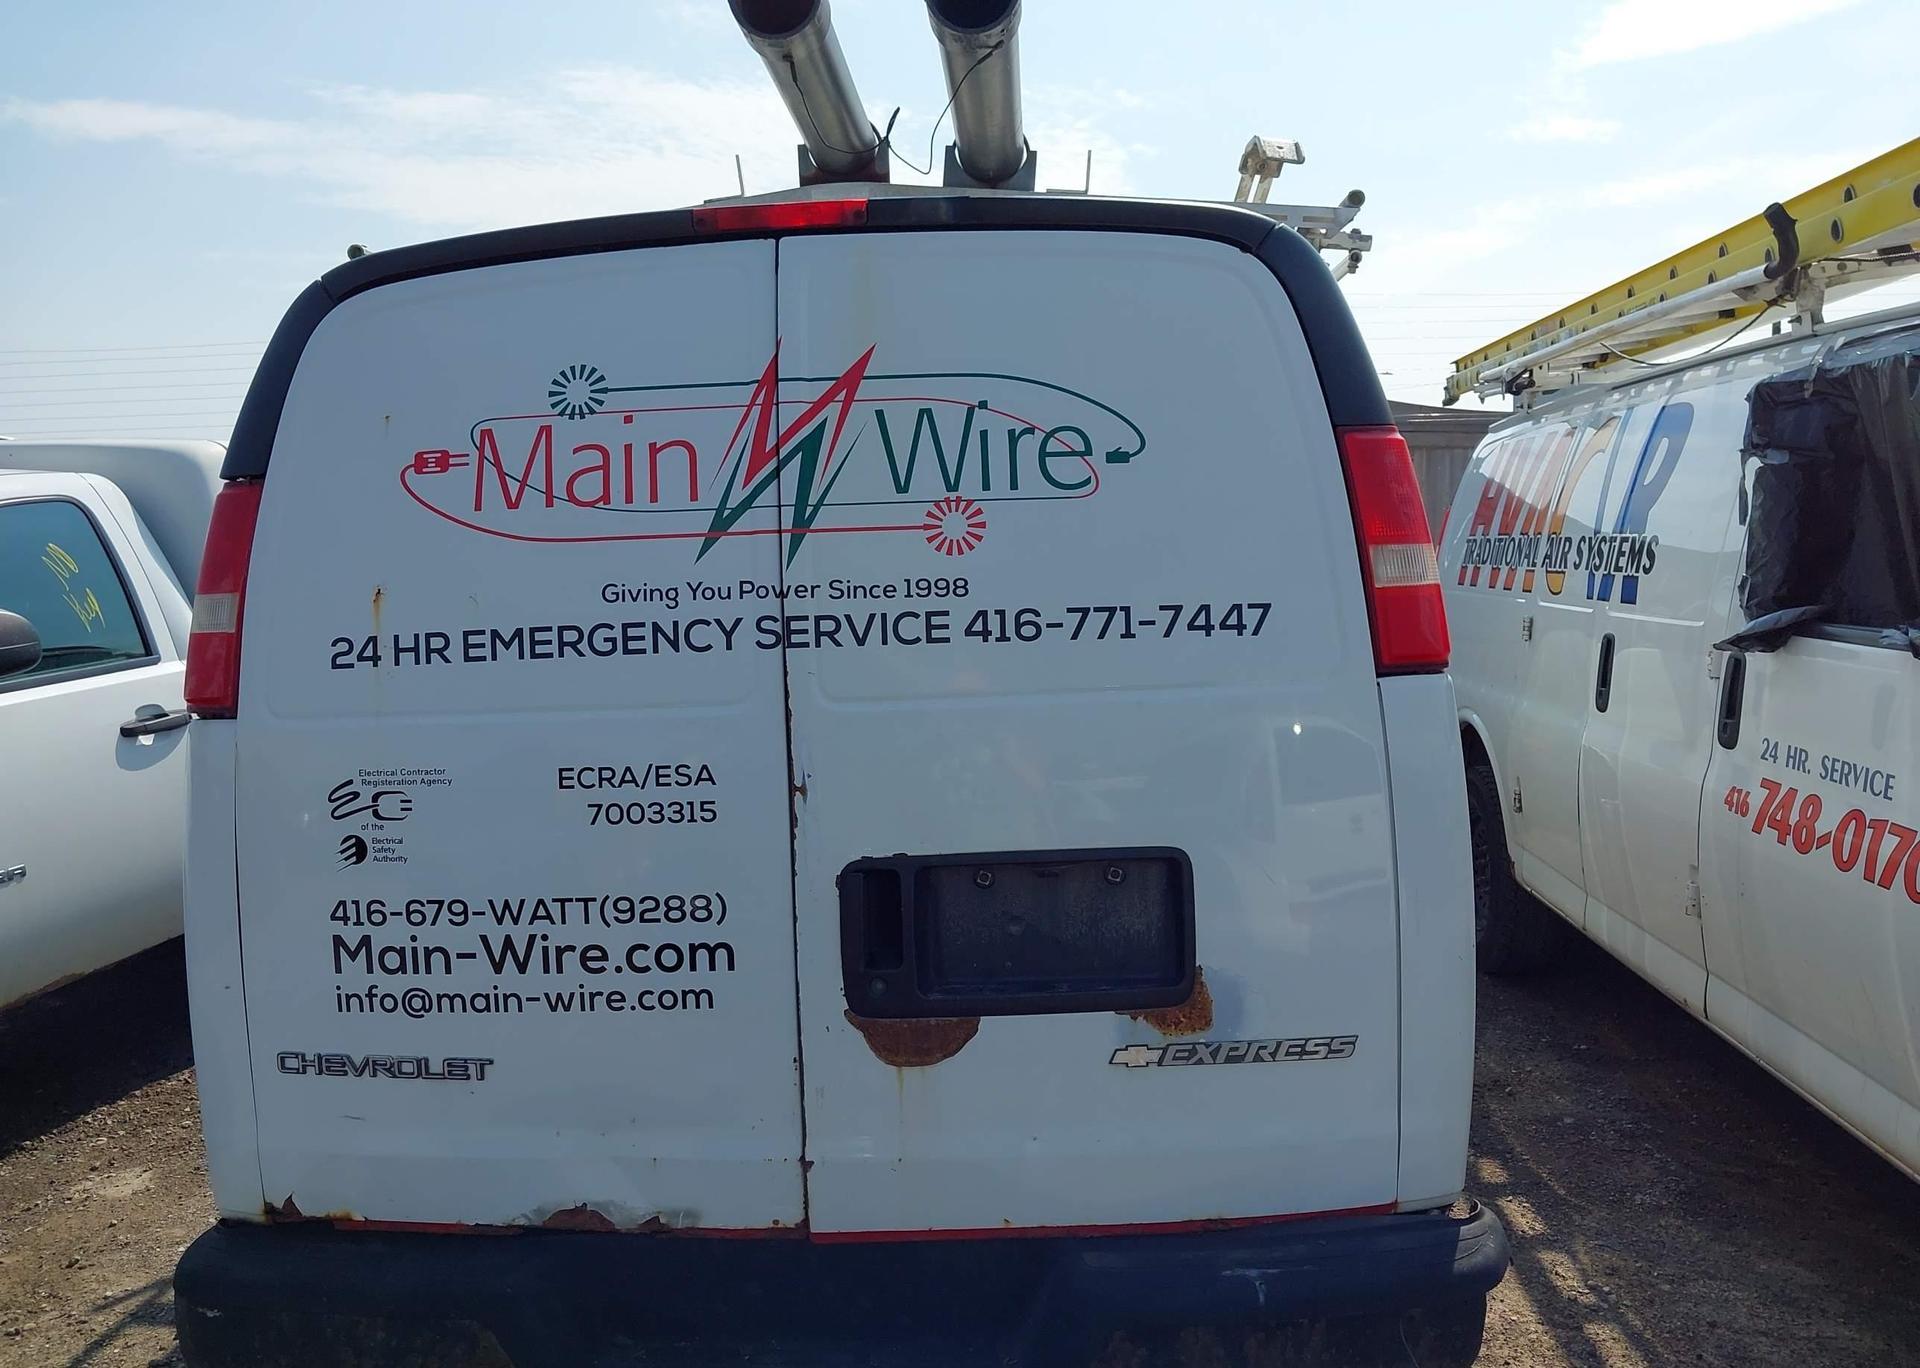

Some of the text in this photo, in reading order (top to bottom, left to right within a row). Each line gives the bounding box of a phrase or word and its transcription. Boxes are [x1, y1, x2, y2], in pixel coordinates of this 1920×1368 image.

[473, 400, 1093, 512] Main Wire
[1462, 534, 1660, 576] TRADITIONAL AIR SYSTEMS
[601, 577, 970, 609] Giving You Power Since 1998
[330, 602, 1272, 669] 24 HR EMERGENCY SERVICE 416-771-7447
[358, 768, 446, 778] Electrical Contractor
[361, 777, 453, 788] Registeration Agency
[557, 763, 718, 791] ECRA/ESA
[1759, 737, 1895, 801] 24 HR. SERVICE
[587, 800, 718, 826] 7003315
[1723, 785, 1752, 818] 416
[360, 823, 385, 831] of the
[371, 837, 404, 845] Electrical
[372, 846, 396, 856] Safety
[372, 855, 409, 865] Authority
[329, 891, 728, 929] 416-679-WATT(9288)
[332, 933, 736, 976] Main-Wire.com
[335, 983, 715, 1019] info@main-wire.com
[276, 1051, 494, 1081] CHEVROLET
[1158, 1035, 1359, 1067] EXPRESS
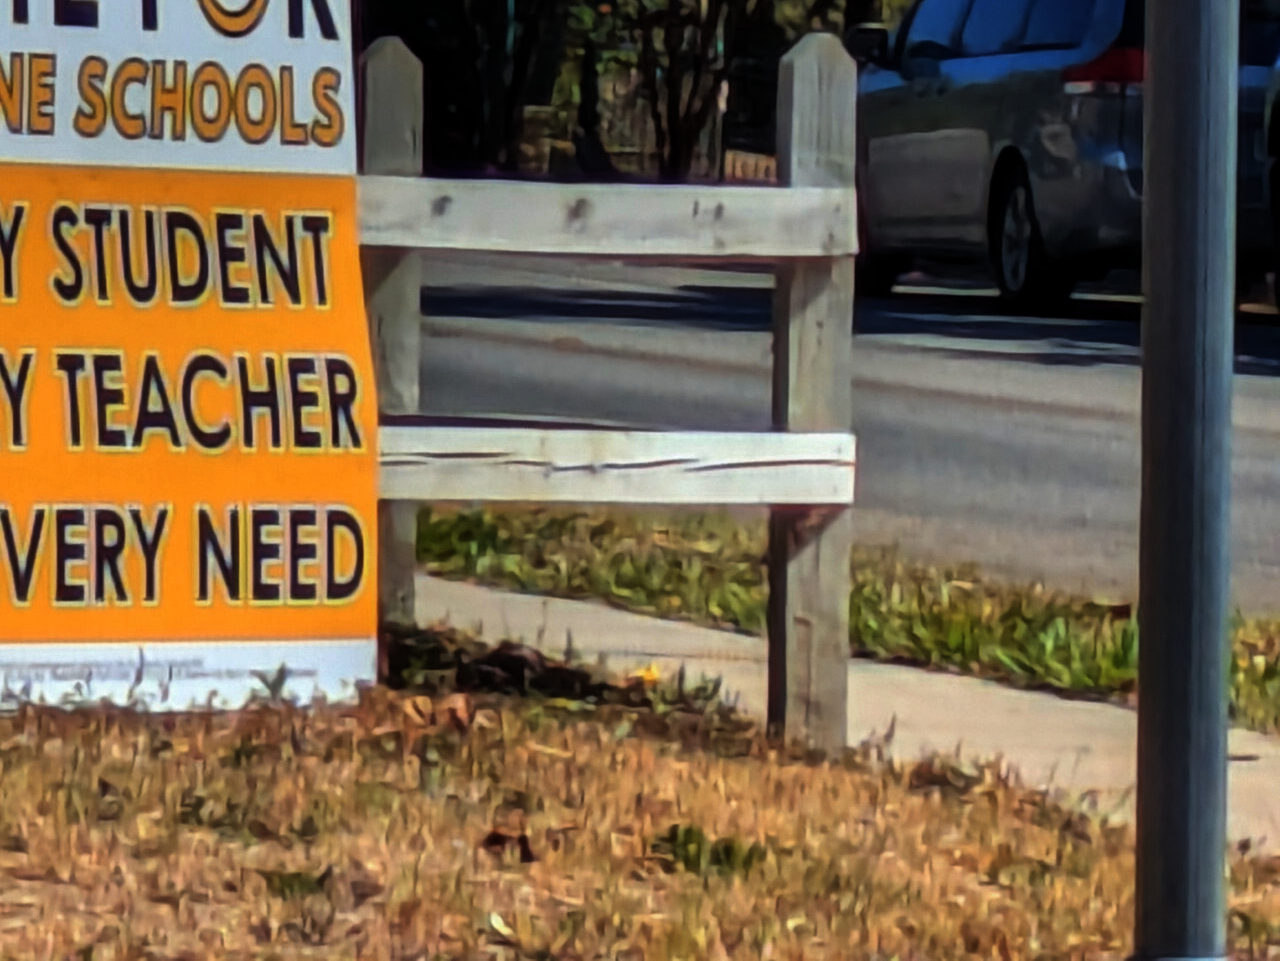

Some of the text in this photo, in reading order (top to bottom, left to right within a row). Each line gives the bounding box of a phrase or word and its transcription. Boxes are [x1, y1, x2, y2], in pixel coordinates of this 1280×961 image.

[73, 55, 345, 148] SCHOOLS
[51, 205, 331, 307] STUDENT
[56, 352, 363, 450] TEACHER
[198, 509, 364, 604] NEED
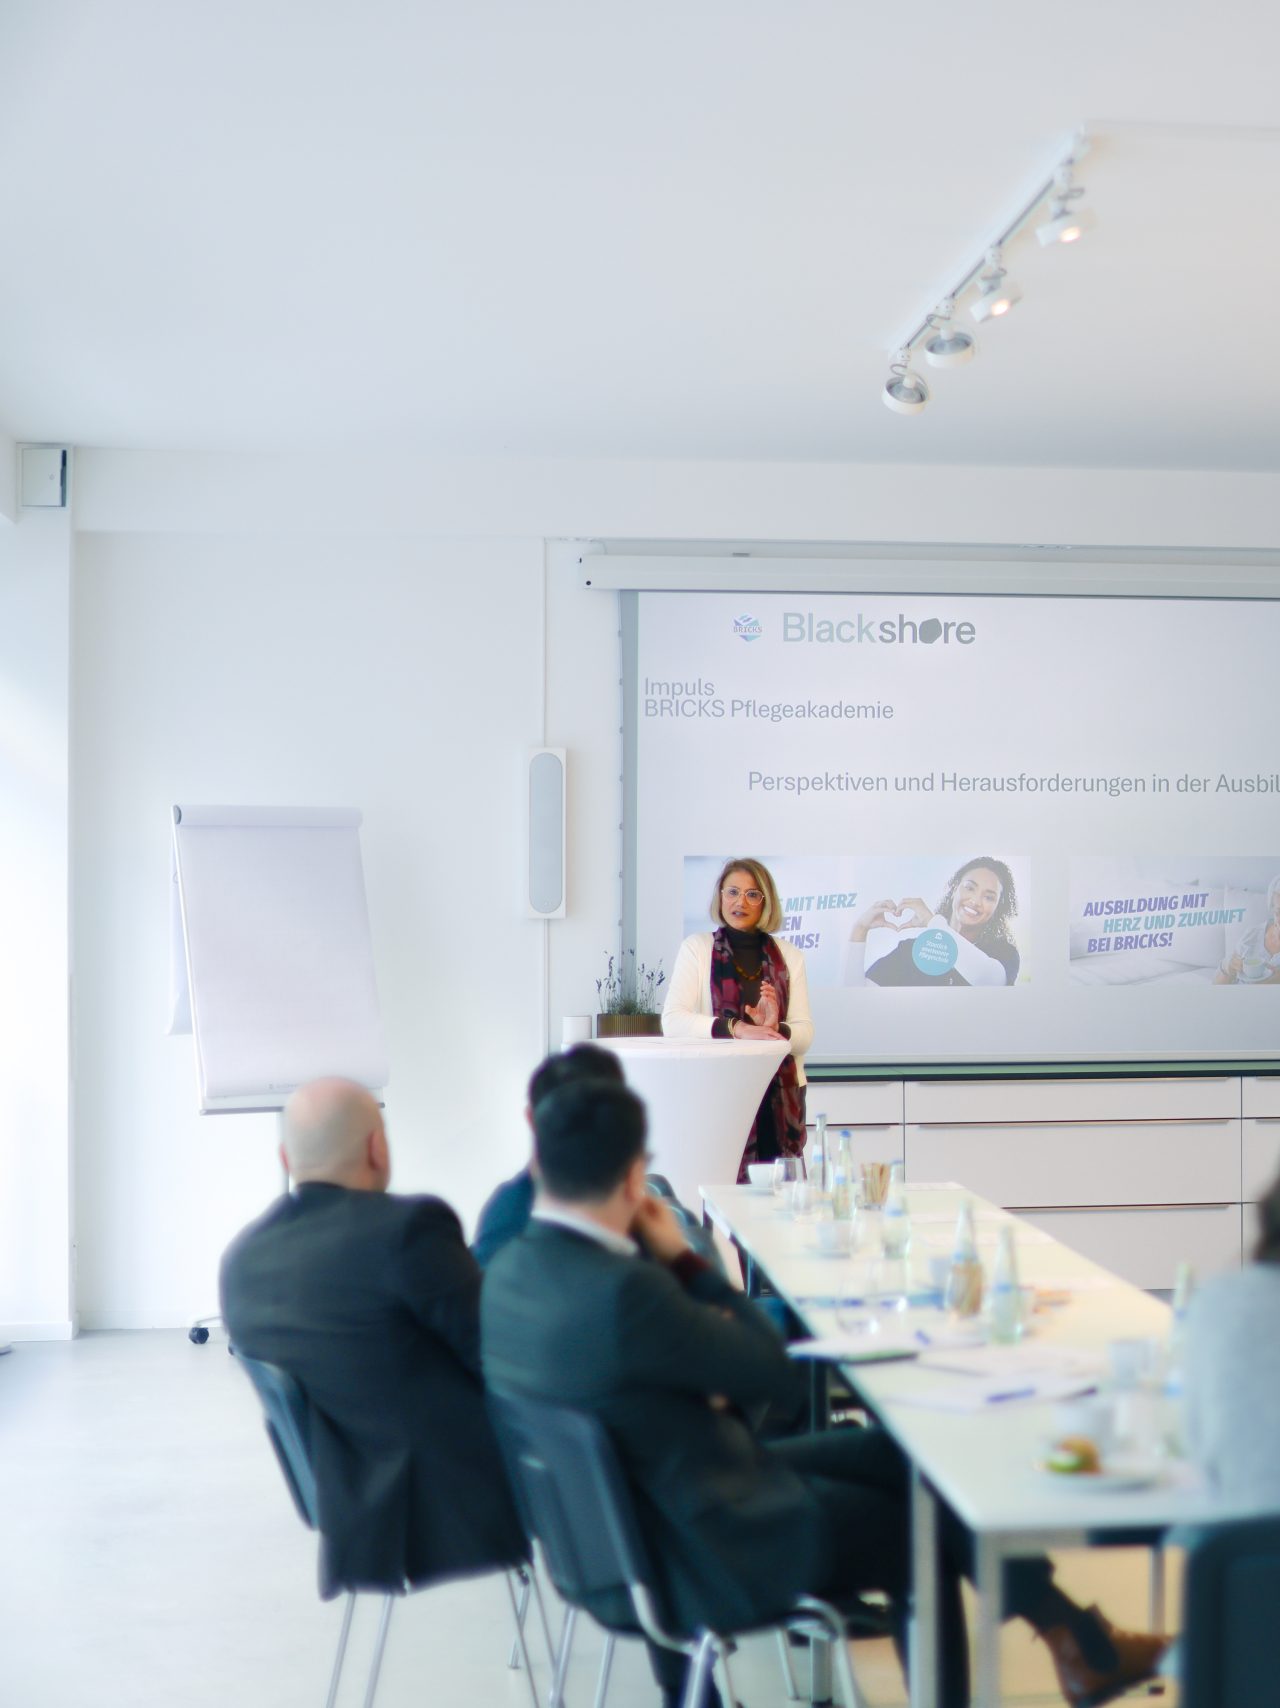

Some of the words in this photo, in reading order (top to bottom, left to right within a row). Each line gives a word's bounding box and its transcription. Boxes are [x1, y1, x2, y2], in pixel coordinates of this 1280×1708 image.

[783, 612, 976, 644] Blackshore
[645, 678, 715, 699] Impuls
[645, 699, 725, 718] BRICKS
[731, 700, 894, 722] Pflegeakademie
[748, 772, 888, 795] Perspektiven
[894, 773, 934, 791] und
[941, 773, 1146, 797] Herausforderungen
[1152, 774, 1170, 792] in
[1176, 774, 1211, 792] der
[785, 896, 815, 912] MIT
[816, 893, 858, 910] HERZ
[1083, 895, 1178, 917] AUSBILDUNG
[1180, 893, 1209, 909] MIT
[1103, 916, 1141, 933] HERZ
[1143, 914, 1175, 930] UND
[1177, 908, 1246, 928] ZUKUNFT
[1087, 937, 1111, 953] BEI
[1113, 932, 1173, 951] BRICKS!

======

== Instructions to follow ==
Transcribe exactly the lines from the one containing "this 1280×961 image." through the last line of the records above, and nothing else. Leave out the pictures.

== Task result ==
Some of the text in this photo, in reading order (top to bottom, left to right within a row). Each line gives the bounding box of a phrase or word and its transcription. Boxes are [x1, y1, x2, y2], in pixel coordinates of this 1280×961 image.

[73, 55, 345, 148] SCHOOLS
[51, 205, 331, 307] STUDENT
[56, 352, 363, 450] TEACHER
[198, 509, 364, 604] NEED

Some of the words in this photo, in reading order (top to bottom, left to right within a row). Each line gives a word's bounding box and its transcription. Boxes are [x1, y1, x2, y2], in pixel coordinates of this 1280×1708 image.

[783, 612, 976, 644] Blackshore
[645, 678, 715, 699] Impuls
[645, 699, 725, 718] BRICKS
[731, 700, 894, 722] Pflegeakademie
[748, 772, 888, 795] Perspektiven
[894, 773, 934, 791] und
[941, 773, 1146, 797] Herausforderungen
[1152, 774, 1170, 792] in
[1176, 774, 1211, 792] der
[785, 896, 815, 912] MIT
[816, 893, 858, 910] HERZ
[1083, 895, 1178, 917] AUSBILDUNG
[1180, 893, 1209, 909] MIT
[1103, 916, 1141, 933] HERZ
[1143, 914, 1175, 930] UND
[1177, 908, 1246, 928] ZUKUNFT
[1087, 937, 1111, 953] BEI
[1113, 932, 1173, 951] BRICKS!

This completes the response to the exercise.